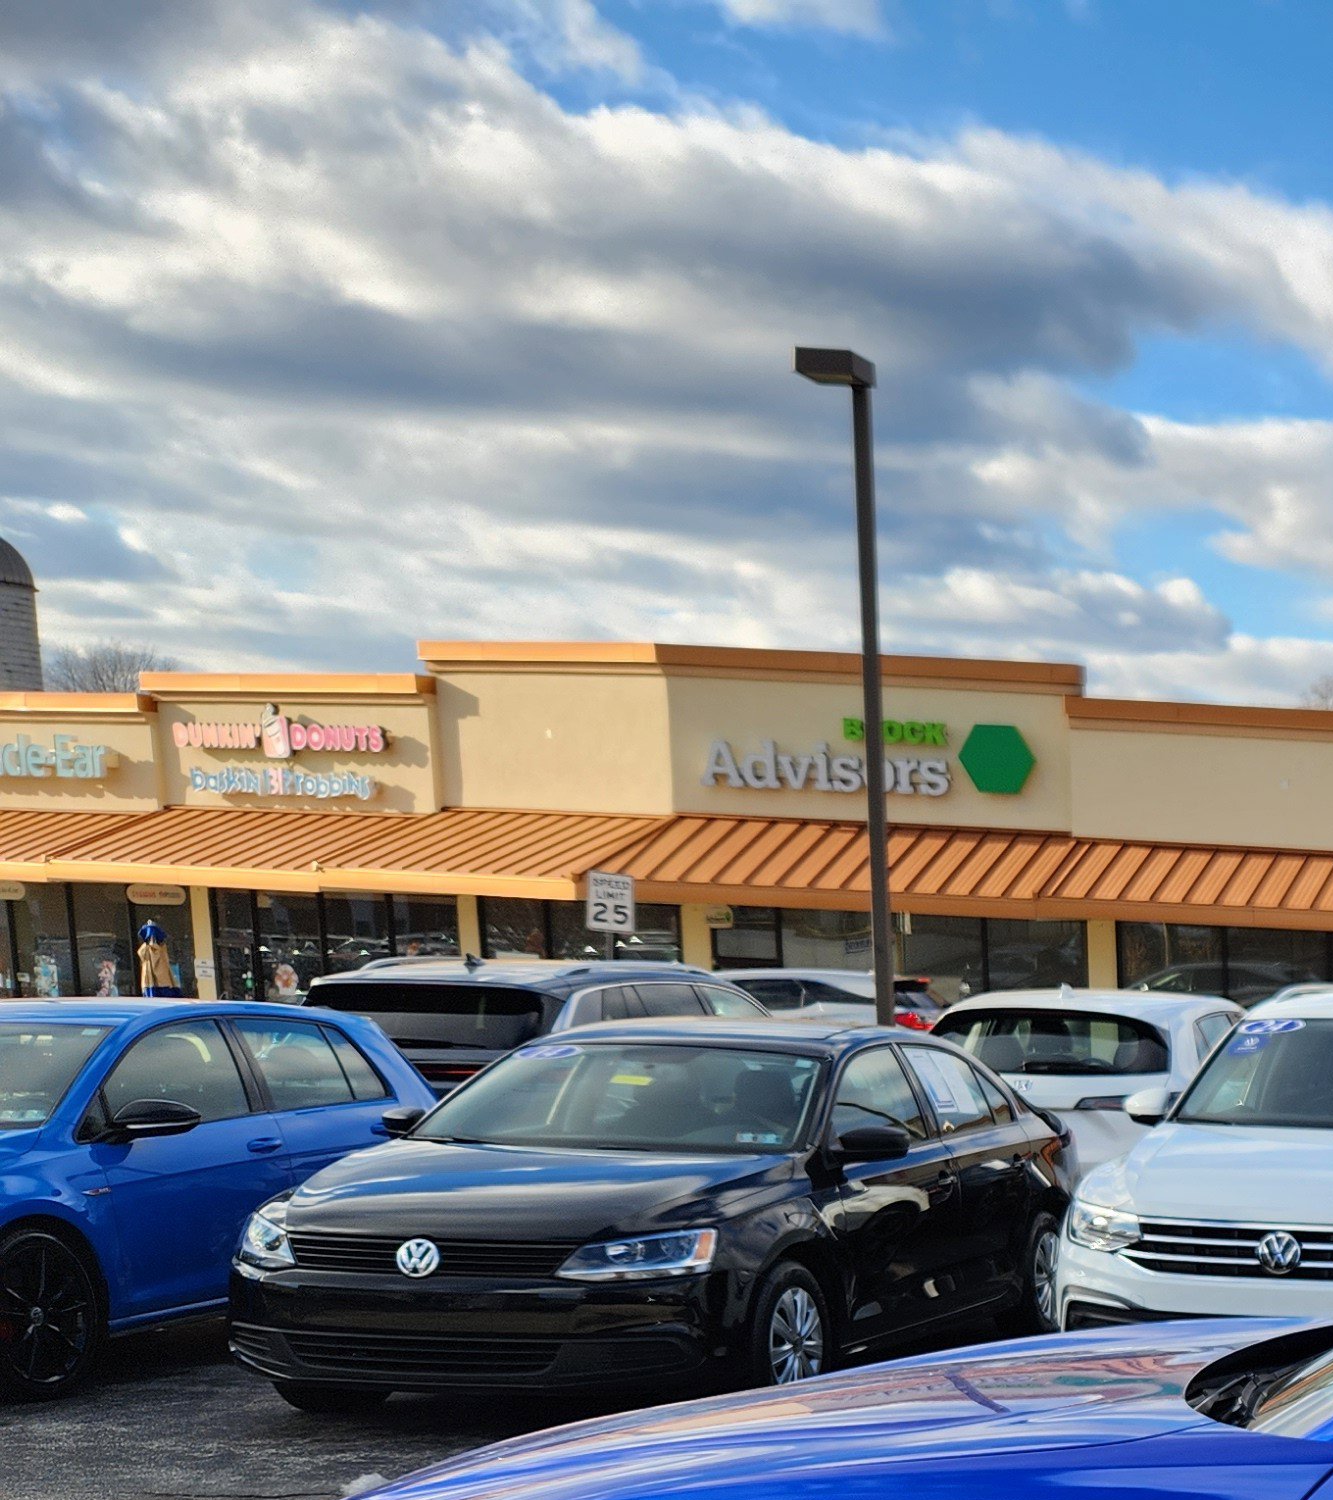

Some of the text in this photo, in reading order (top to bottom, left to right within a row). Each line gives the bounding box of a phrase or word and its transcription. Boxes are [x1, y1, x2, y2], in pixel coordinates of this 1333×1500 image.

[289, 722, 385, 752] DONUTS
[843, 717, 947, 746] BOCK
[0, 733, 107, 778] cle-Ear
[595, 889, 626, 899] LIMIT
[593, 902, 629, 925] 25

**Exercise objective:** Aside from the pictures, repeat the listing exactly.

**Exercise response:**
Some of the text in this photo, in reading order (top to bottom, left to right within a row). Each line gives the bounding box of a phrase or word and its transcription. Boxes are [x1, y1, x2, y2], in pixel coordinates of this 1333×1500 image.

[289, 722, 385, 752] DONUTS
[843, 717, 947, 746] BOCK
[0, 733, 107, 778] cle-Ear
[595, 889, 626, 899] LIMIT
[593, 902, 629, 925] 25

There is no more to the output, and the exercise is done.